As long as God is still God and he is in charge of it all then I will keep standing. It does not matter what I see, hear or even what I feel. And boy, am I feeling pain right now. But after lying in the dark for close to 10 hours, just me, my God and my raving mind, I got up, put on my CD player and blasted the volume to the max. I did not even care what CD was playing. I just needed it to praise God and LOUDLY. I needed it to remind me who God was in my life. I needed it to remind me that ALL would work out in my favour. Somehow. I needed music to scream God's name into my brain and drown out the babbling of the devil. As God would have it, I had music that did just that!

I have to tell you again that when you are feeling down in the proverbial mirey dumps, you really need to find a boom box and blast some music. I think one of the main goals of the enemy at time like those it to keep you inert. Immobile. Frozen in place so you will not be able to stretch out your finger and push down that ''play'' button. Cos he knows if you do, if you can just manage to get some praise music into your system, he will lose his grip on your mind. At least, this is my story. I wish I had reached out to my CD player 9 hours ago! Instead of laying there weighing all my options and still ending in the same place I started off at. The place that says, sometimes ''Love is all that matters''. Don't you you hate it when your mind does that to you? I mean, what is the point of taking me on that mind-numbing, panic attack inducing, hot sweats initiating thought journey ONLY to bring you back to exactly where you started off? Kai!

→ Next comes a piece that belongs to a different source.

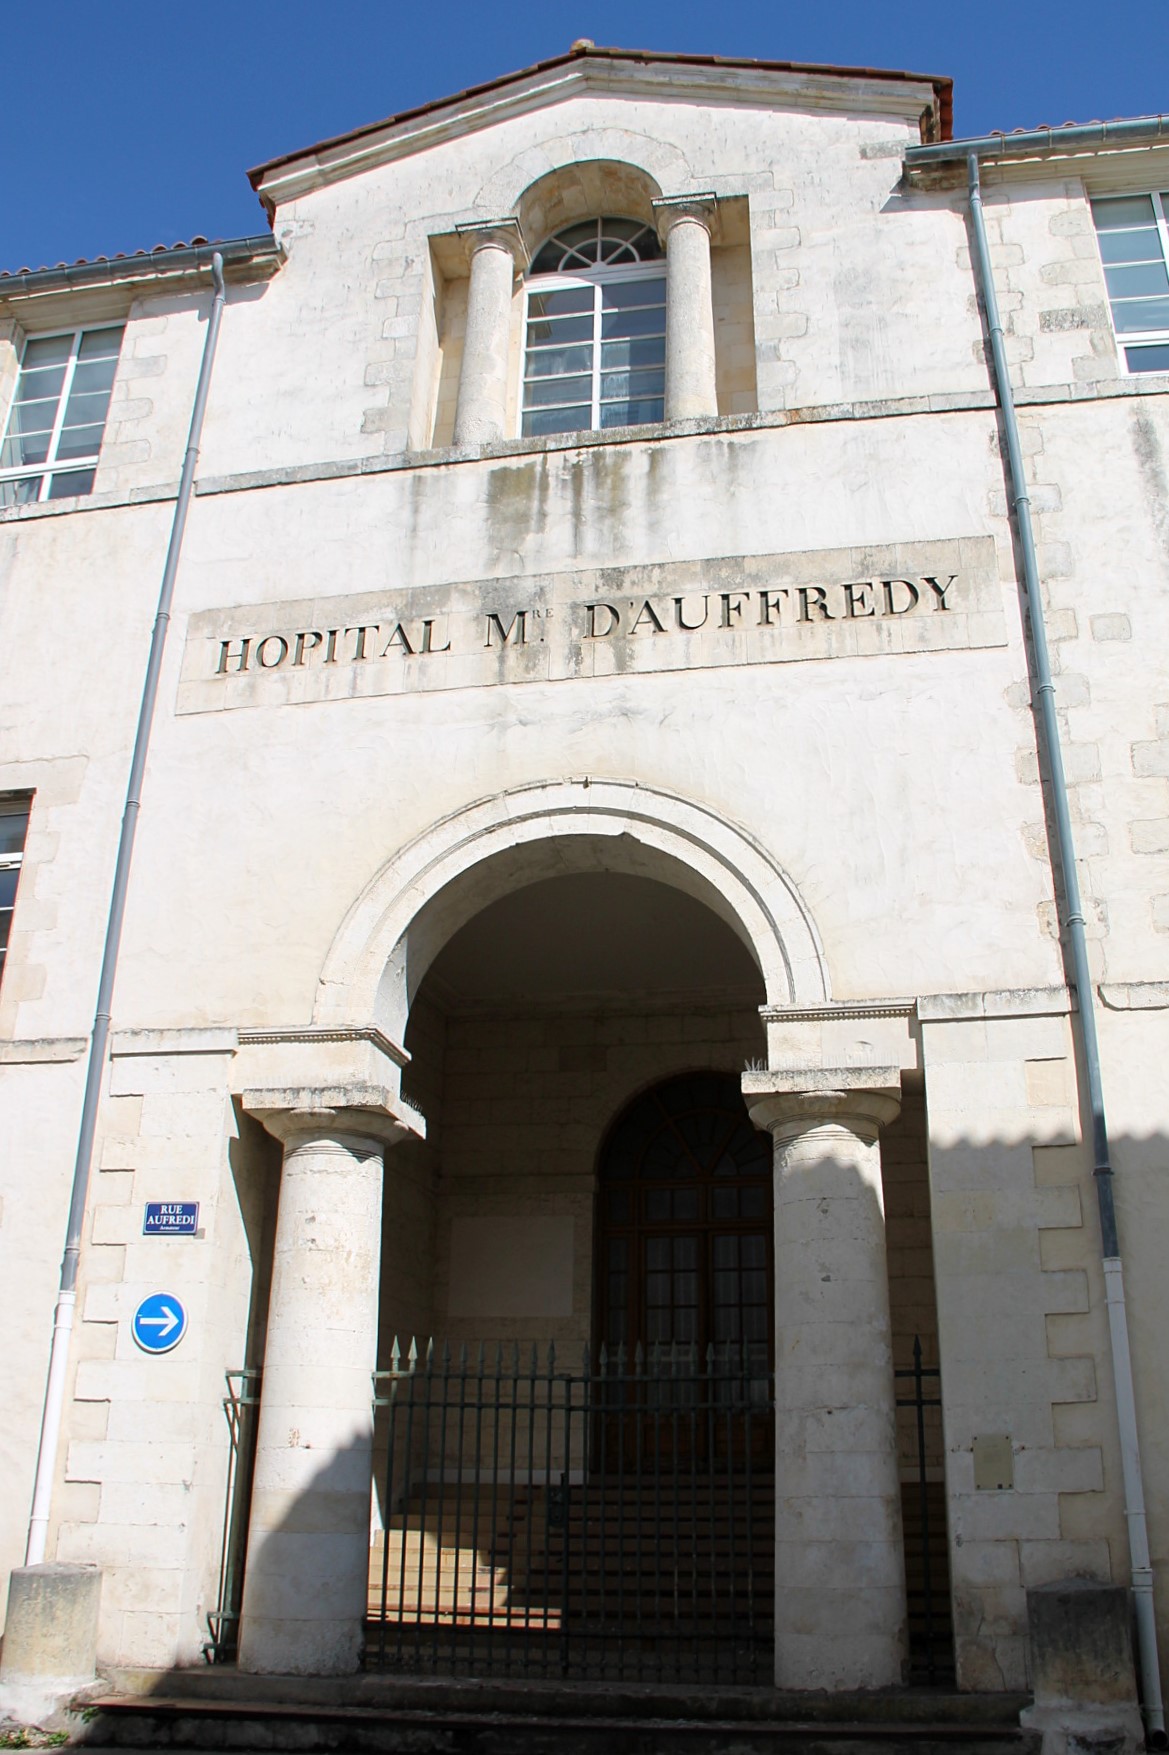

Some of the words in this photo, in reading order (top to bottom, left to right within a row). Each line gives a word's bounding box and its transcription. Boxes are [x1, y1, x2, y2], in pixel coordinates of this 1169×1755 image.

[215, 619, 451, 674] HOPITAL
[582, 574, 959, 640] D'AUFFREDY
[160, 1204, 183, 1215] RUE
[146, 1215, 195, 1225] AUFREDI

Anyway, as long as God is still God, and he is my PapaGod and I am called to be like him, then I am making a mental note to self and it goes thus:

When ''loving'' gets tough, just try your best to 'to walk in love''.

Hunh? Meaning? Just think about it prayerfully and I am sure it will come to you.........just the same way it came to me......you can share your thoughts if you wish. I would love to hear from you on what you think the above means for us Christians.

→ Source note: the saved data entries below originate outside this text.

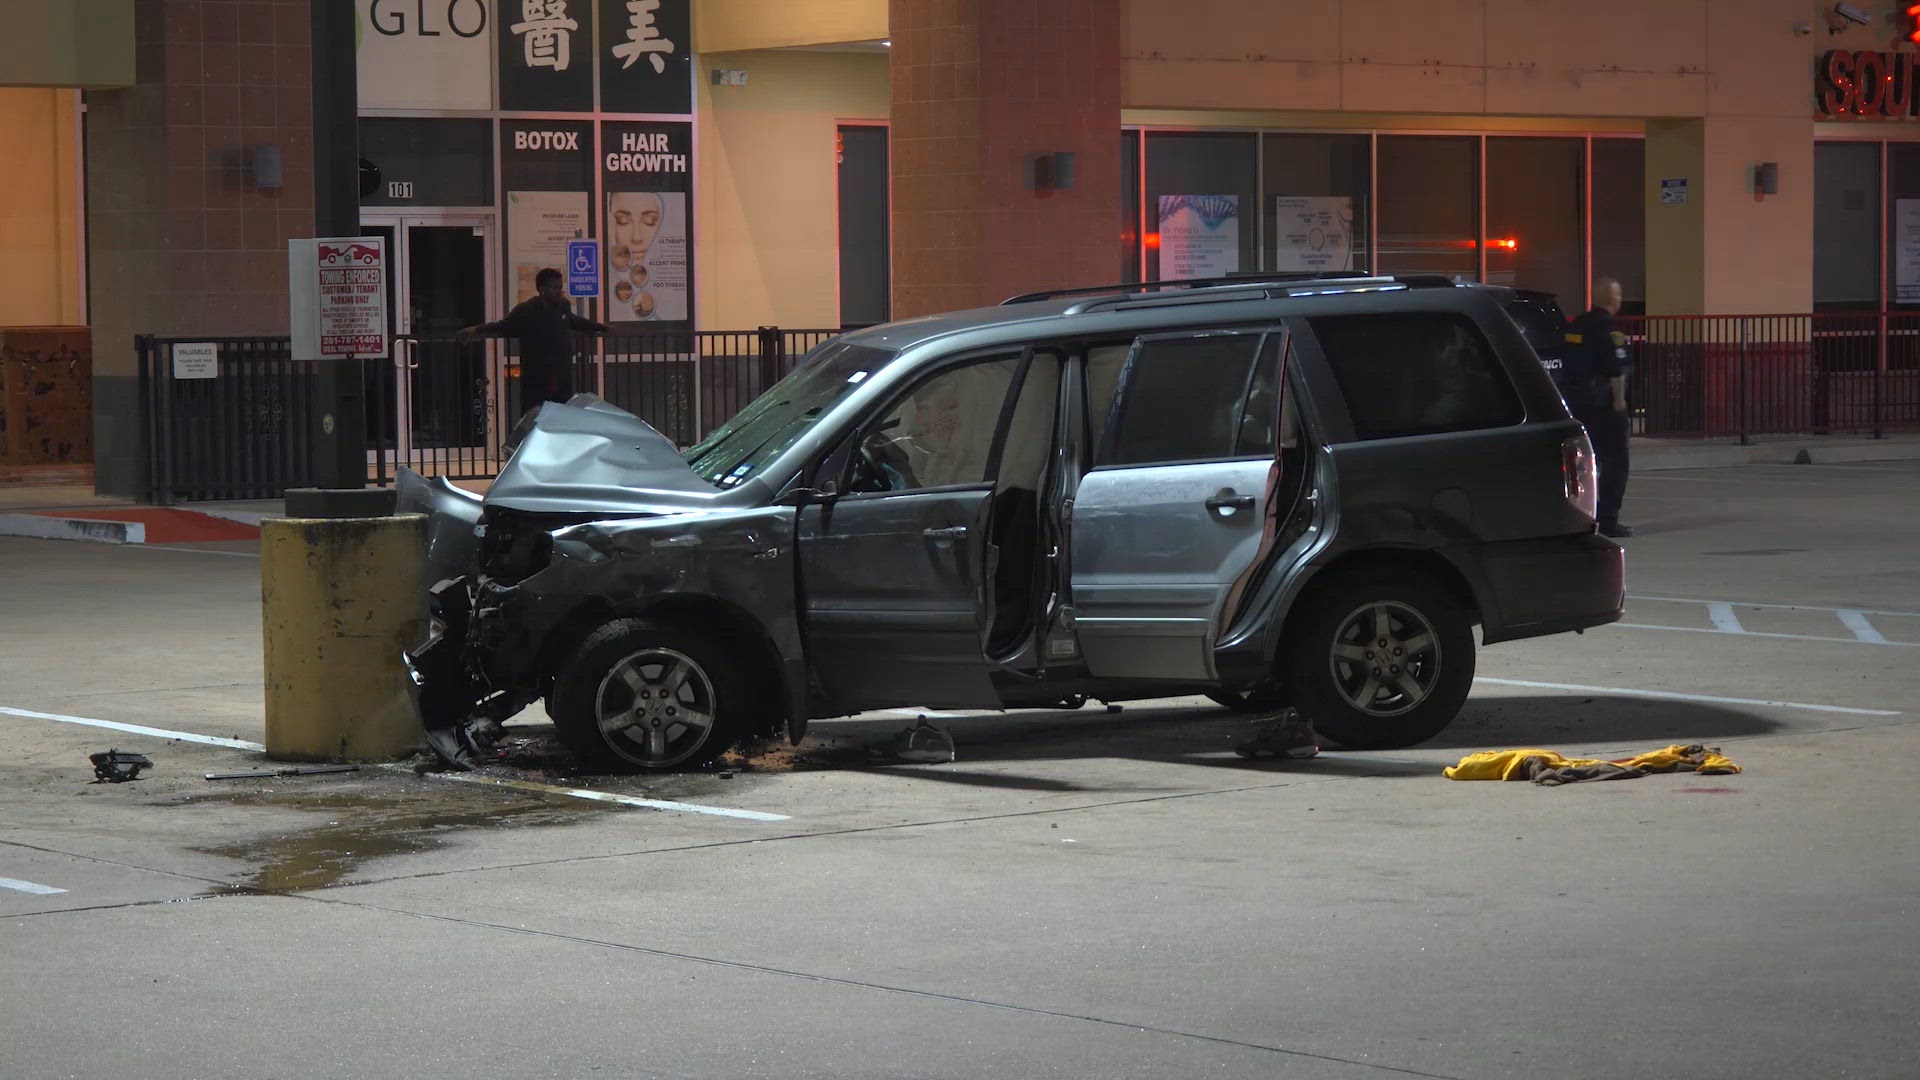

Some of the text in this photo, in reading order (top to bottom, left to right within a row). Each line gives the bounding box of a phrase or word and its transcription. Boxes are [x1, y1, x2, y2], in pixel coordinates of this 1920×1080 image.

[370, 0, 486, 38] GLO
[514, 130, 579, 150] BOTOX
[622, 133, 670, 153] HAIR
[606, 153, 686, 173] GROWTH
[390, 182, 413, 198] 101
[321, 269, 380, 284] TOWING ENFORCED
[356, 285, 378, 293] TENANT
[331, 295, 370, 305] PARKING ONLY
[323, 335, 380, 344] 281-787-1401

For now, I am off to watch ''Meet Joe Black' for just about the 200th time'. I LOVE that movie. I just love all the non verbal communication. So much is said without speaking a word! Kai! Just awesome. PLUS God knows my mind needs the kind of break that staring at Brad Pitt can offer me right now *sighing*

2 comments:

  1. The power of music... Sometimes, i feel so down that i can't even find the words to pray and music is what helps me utter the right words and uplifts my spirit. It's funny how despite the fact that we know this, we only remember to turn on the radio after spending a stupid amount of time worrying.

    I pray God gives you the grace to walk in love and be all that He meant for you to be. God bless you for sharing

    ReplyDelete
  2. Dosh, I really do not know why we do that. It just boggles the mind really. Thank you so much for your prayer and I am saying a loud AMEN from over here.